本发明属于生物科学中的分子标记技术领域，尤其涉及一种榉树SSR1标记、引物对及其制备方法和应用。

背景技术

榉树(Zelkova schneideriana Hand.-Mazz.)为榆科(Ulmaceae)榉树属(Zelkova)落叶大乔木，为我国特有种。榉树分布于我国淮河流域、秦岭以南的长江中下游地区。榉树木材致密坚硬，材色鲜艳，纹理美观，耐腐性强，是生产各类高档家具和工艺品的上等木材。同时，由于其树形优美，树冠冠幅大，叶色季相变化丰富，也是深受人们喜爱的传统色叶园林风景树种。因榉树种子萌发率低，自然更新困难，而且频遭人类砍伐，故其野生资源日渐稀少，已被列为国家二级重点保护植物。

SSR标记(Simple sequence repeat)，也叫微卫星序列重复，是由一类由几个核苷酸为重复单位组成的长达几十乃至数百个核苷酸的重复序列，长度较短，广泛分布在染色体上。由于重复单位的次数的不同或重复程度的不完全相同，造成了SSR长度的高度变异性，由此产生SSR标记。虽然SSR在基因组上的位置不尽相同，但是其两端序列多是保守的单拷贝序列，因此可以用微卫星区域特定顺序设计成对引物，通过PCR技术，经聚丙烯酰胺凝胶电泳，即可显示SSR位点在不同个体间的多态性。SSR标记具有以下优点：(1)标记数量丰富，具有较多的等位变异，广泛分布于各条染色体上；(2)是共显性标记，呈孟德尔遗传；(3)技术重复性好，易于操作，结果可靠。

尽管国内外的学者已经使用ISSR、RAPD等多种标记研究了榉树群体的遗传多样性，但是ISSR和RAPD两种标记均为显性标记，稳定性差，且不能直接应用于分子标记辅助育种和QTL定位。因此，研究榉树SSR标记、开发榉树的SSR引物很有必要。

发明内容

本发明要解决的技术问题是提供一种榉树SSR1标记、引物对及其制备方法和应用。

为解决上述技术问题，本发明采用以下技术方案：榉树SSR标记，具有序列表SEQ.ID.No.1的碱基序列，微卫星标记编号为SSR1。
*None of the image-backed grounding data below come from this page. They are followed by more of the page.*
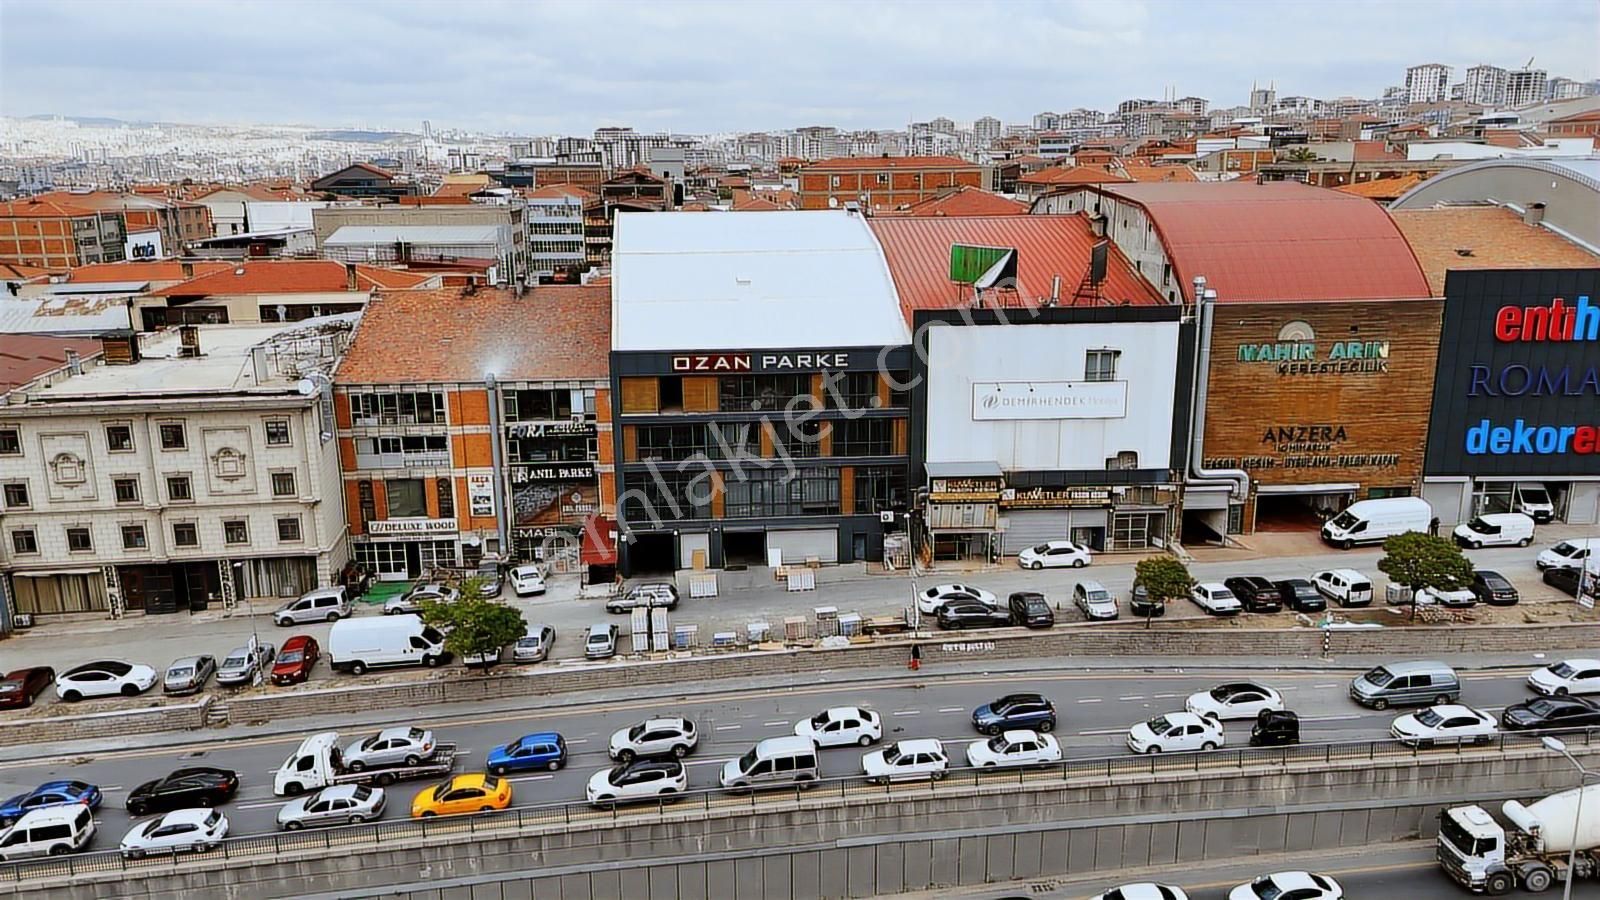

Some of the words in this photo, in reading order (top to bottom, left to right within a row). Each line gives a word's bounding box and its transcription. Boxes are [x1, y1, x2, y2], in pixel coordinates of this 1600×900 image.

[1329, 342, 1390, 359] ARIN
[673, 356, 750, 370] OZAN
[763, 353, 848, 369] PARKE
[1263, 426, 1347, 442] ANZERA
[1466, 419, 1600, 454] dekore
[529, 469, 556, 479] ANIL
[559, 467, 592, 478] PARKE
[384, 523, 422, 531] DELUXE
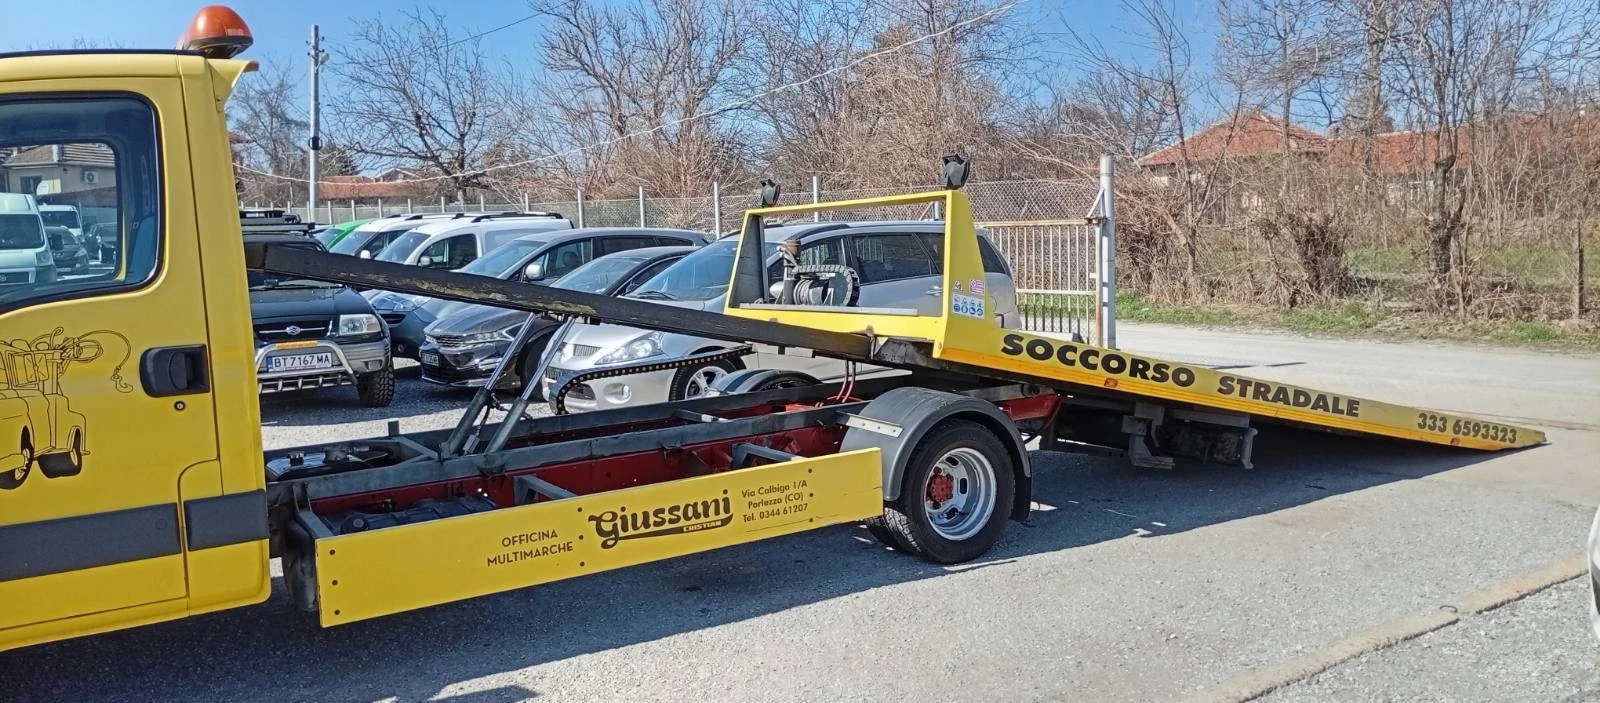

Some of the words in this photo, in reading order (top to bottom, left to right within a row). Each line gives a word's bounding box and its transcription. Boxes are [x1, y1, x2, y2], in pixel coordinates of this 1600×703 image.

扩增上述榉树SSR标记的引物对JS1，包括具有序列表SEQ.ID.No.2和SEQ.ID.No.3的碱基序列。

上述榉树SSR标记的制备方法，利用特定引物对JS1对榉树总DNA进行PCR扩增，得到简单重复序列；引物对JS1包括具有序列表SEQ.ID.No.2和SEQ.ID.No.3的碱基序列。

上述榉树SSR标记的制备方法，包括以下步骤：

<1>榉树总DNA提取与酶切

选取榉树幼嫩的叶片，用CTAB法提取核基因组；用EcoRV在37℃下酶切3h，65℃下20min灭活内切酶；反应体系20μL，包括2.0μL的10×Buffer，1.0μL的EcoRV内切酶，2μL的DNA，15.0μL的灭菌双蒸水；

<2>接头的连接

将步骤<1>EcoRV酶切的榉树基因组DNA连接上下接头；60μL连接体系中含有酶切的榉树基因组DNA 9μL，上下接头各100pmol；连接反应在1倍T4连接酶缓冲条件下进行，于16℃连接过夜；连接后的混合物在65℃反应20min，灭活连接酶；

<3>连接产物的扩增

过夜步骤<2>连接后的混合物以AP2和复合SSR引物为上下引物对连接后的混合物进行PCR扩增；1.5％的琼脂胶电泳，切胶回收500-1000bp的片段，试剂盒纯化；

<4>克隆并筛选富集的微卫星DNA片段

将步骤<3>PCR产物连接到载体pMD18-T Vectors上，然后转化到感受态JM109细胞中，涂布到含有Amp的平板培养基上，37℃培养过夜；用M13引物进行PCR扩增检测，选取400-1000bp左右的片段；

<5>测序、引物设计与扩增分析

将步骤<4>PCR产物送测序；利用Primer5.0软件对测序结果进行SSR引物设计并送合成，得引物对JS1；利用引物对JS1在榉树基因组中扩增出片段SSR1标记。